#### WORK TASK
Print the whole listing below exactly, skipping every picture.

*** EXERCISE INPUTS Section Begins ***

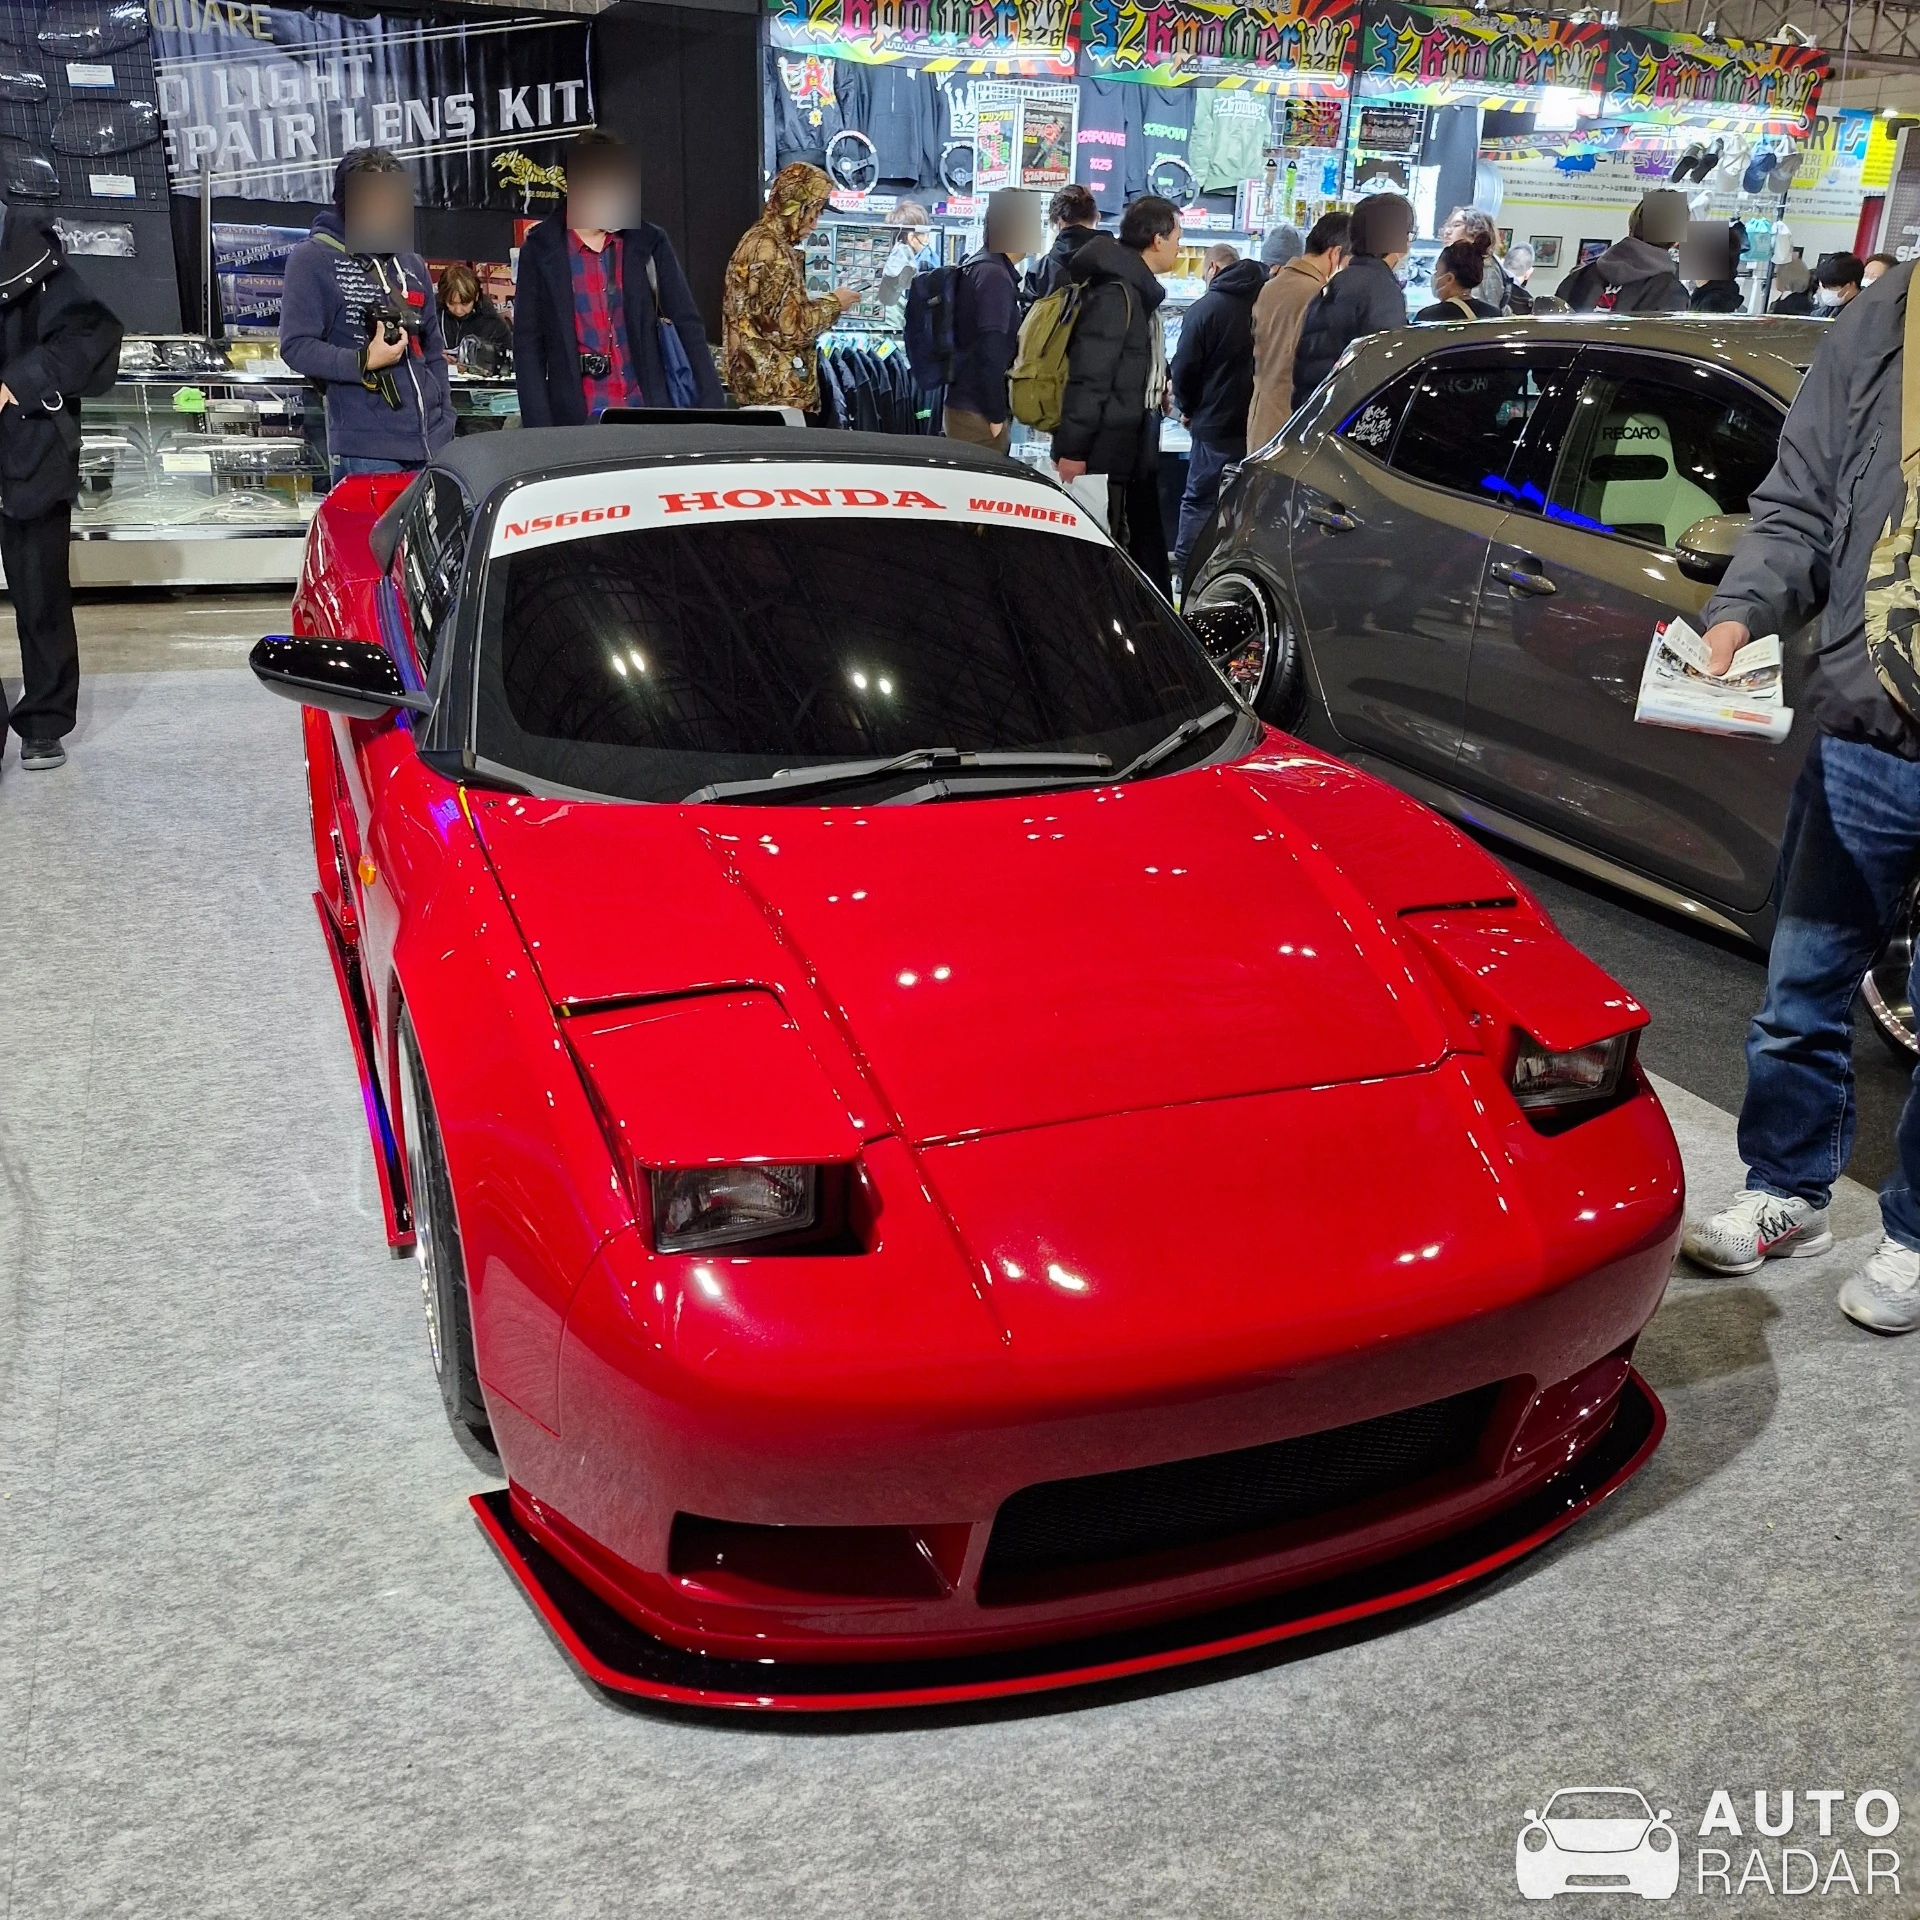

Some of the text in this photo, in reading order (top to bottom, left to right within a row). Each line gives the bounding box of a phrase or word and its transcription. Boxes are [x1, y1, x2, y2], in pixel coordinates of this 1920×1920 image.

[150, 0, 274, 40] QUARE
[1022, 28, 1064, 46] 326
[1089, 0, 1300, 75] 326power
[1302, 54, 1338, 71] 326
[1371, 26, 1553, 92] 326power
[212, 54, 372, 115] LIGHT
[1612, 50, 1776, 112] 326power
[341, 93, 476, 153] LENS
[498, 79, 584, 131] KIT
[1774, 97, 1807, 113] 326
[219, 250, 245, 262] HEAD
[235, 252, 270, 267] REPAIR
[241, 301, 265, 314] HEAD
[1602, 426, 1660, 440] RECARO
[504, 488, 1077, 540] NS660 HONDA WONDER

*** EXERCISE INPUTS Section Ends ***

#### RESPONSE AREA
Some of the text in this photo, in reading order (top to bottom, left to right within a row). Each line gives the bounding box of a phrase or word and its transcription. Boxes are [x1, y1, x2, y2], in pixel coordinates of this 1920×1920 image.

[150, 0, 274, 40] QUARE
[1022, 28, 1064, 46] 326
[1089, 0, 1300, 75] 326power
[1302, 54, 1338, 71] 326
[1371, 26, 1553, 92] 326power
[212, 54, 372, 115] LIGHT
[1612, 50, 1776, 112] 326power
[341, 93, 476, 153] LENS
[498, 79, 584, 131] KIT
[1774, 97, 1807, 113] 326
[219, 250, 245, 262] HEAD
[235, 252, 270, 267] REPAIR
[241, 301, 265, 314] HEAD
[1602, 426, 1660, 440] RECARO
[504, 488, 1077, 540] NS660 HONDA WONDER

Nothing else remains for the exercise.